▶ Task details
Once the pictures are set aside, reproduce all of the records exactly.

*** Opening of Supplied information ***

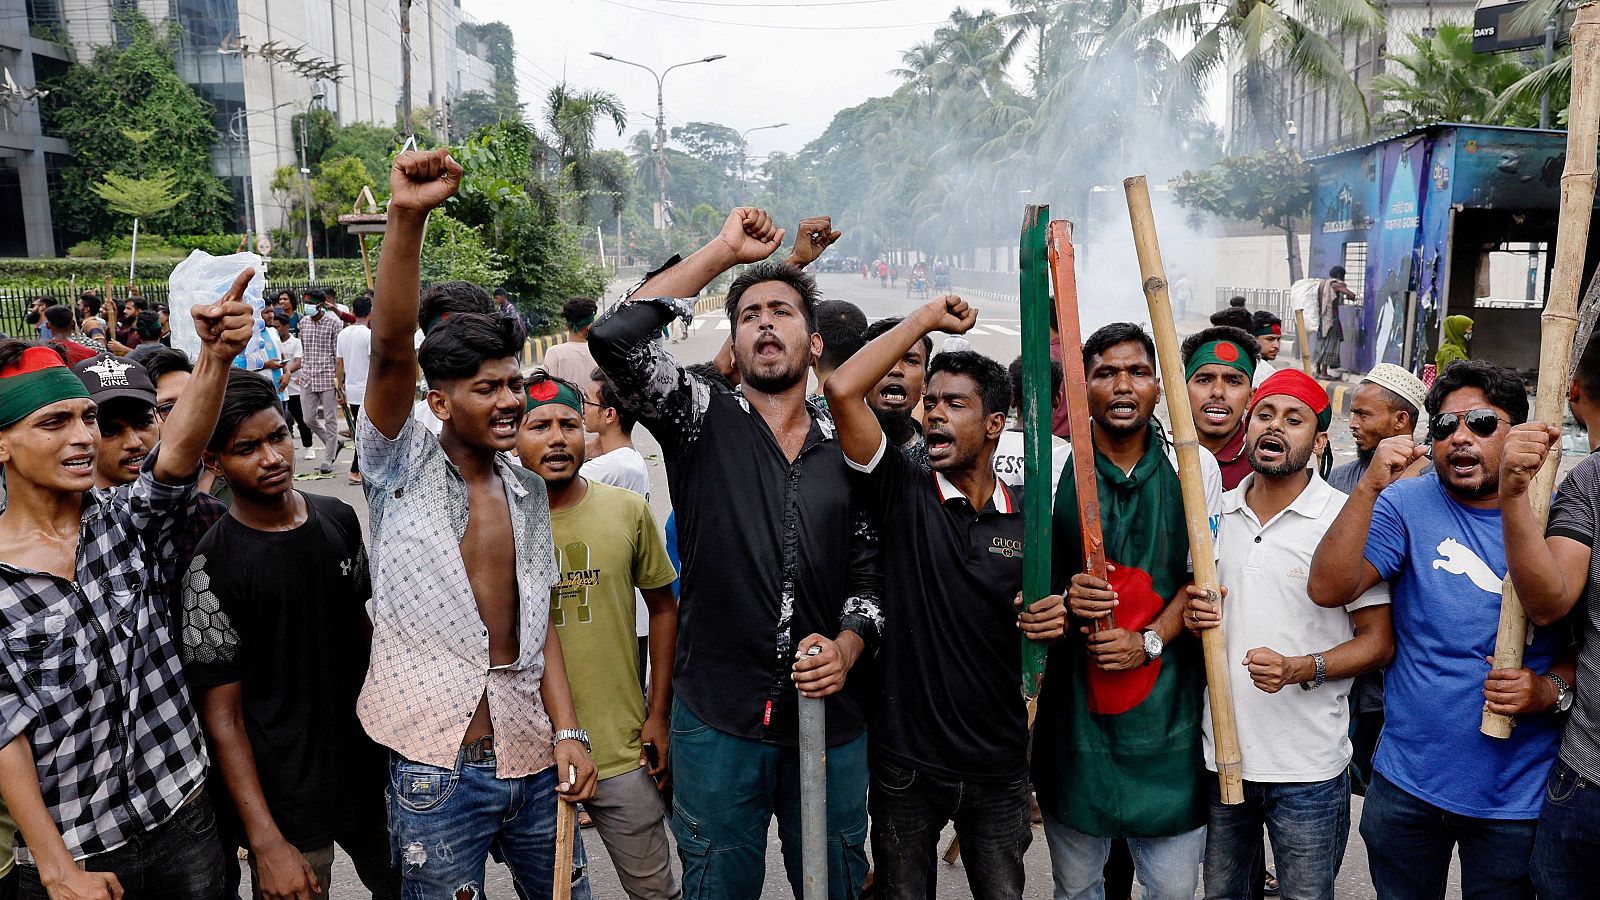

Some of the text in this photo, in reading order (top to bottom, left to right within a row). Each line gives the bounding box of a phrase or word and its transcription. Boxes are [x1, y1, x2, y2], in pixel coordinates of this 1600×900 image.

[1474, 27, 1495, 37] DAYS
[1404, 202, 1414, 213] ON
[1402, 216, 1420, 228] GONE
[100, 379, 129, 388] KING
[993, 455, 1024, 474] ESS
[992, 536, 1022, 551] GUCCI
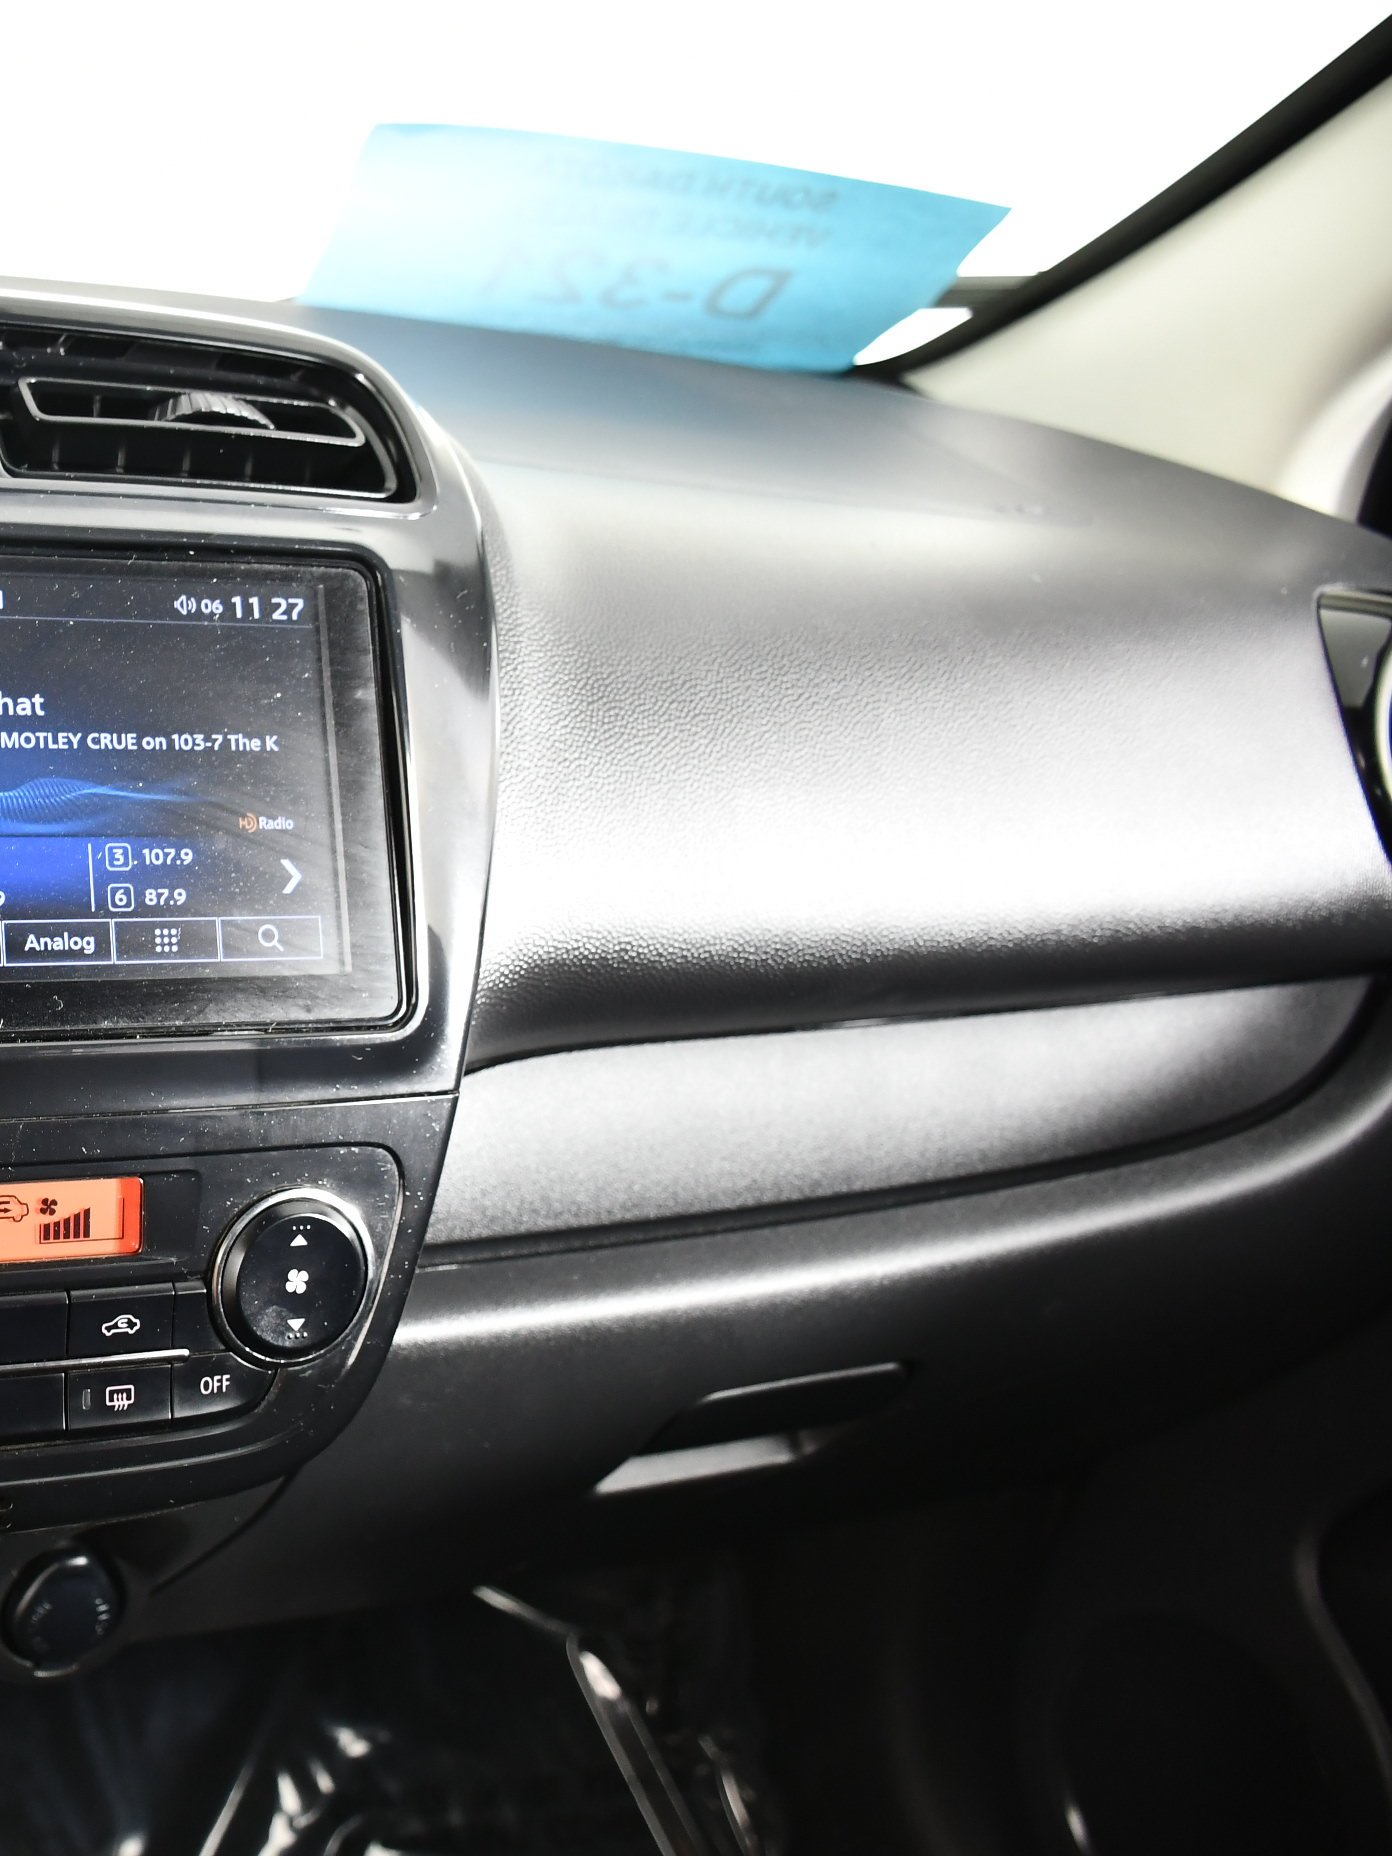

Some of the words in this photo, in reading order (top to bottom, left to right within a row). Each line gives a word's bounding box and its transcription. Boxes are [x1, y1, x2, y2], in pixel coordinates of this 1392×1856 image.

*** Close of Supplied information ***

▶ Output for this task
Some of the text in this photo, in reading order (top to bottom, left to right within a row). Each line gives the bounding box of a phrase or word and its transcription. Boxes are [x1, y1, x2, y2], in pixel coordinates of this 1600×900 image.

[1474, 27, 1495, 37] DAYS
[1404, 202, 1414, 213] ON
[1402, 216, 1420, 228] GONE
[100, 379, 129, 388] KING
[993, 455, 1024, 474] ESS
[992, 536, 1022, 551] GUCCI

Some of the words in this photo, in reading order (top to bottom, left to right within a row). Each line gives a word's bounding box and its transcription. Boxes are [x1, y1, x2, y2], in pixel coordinates of this 1392×1856 image.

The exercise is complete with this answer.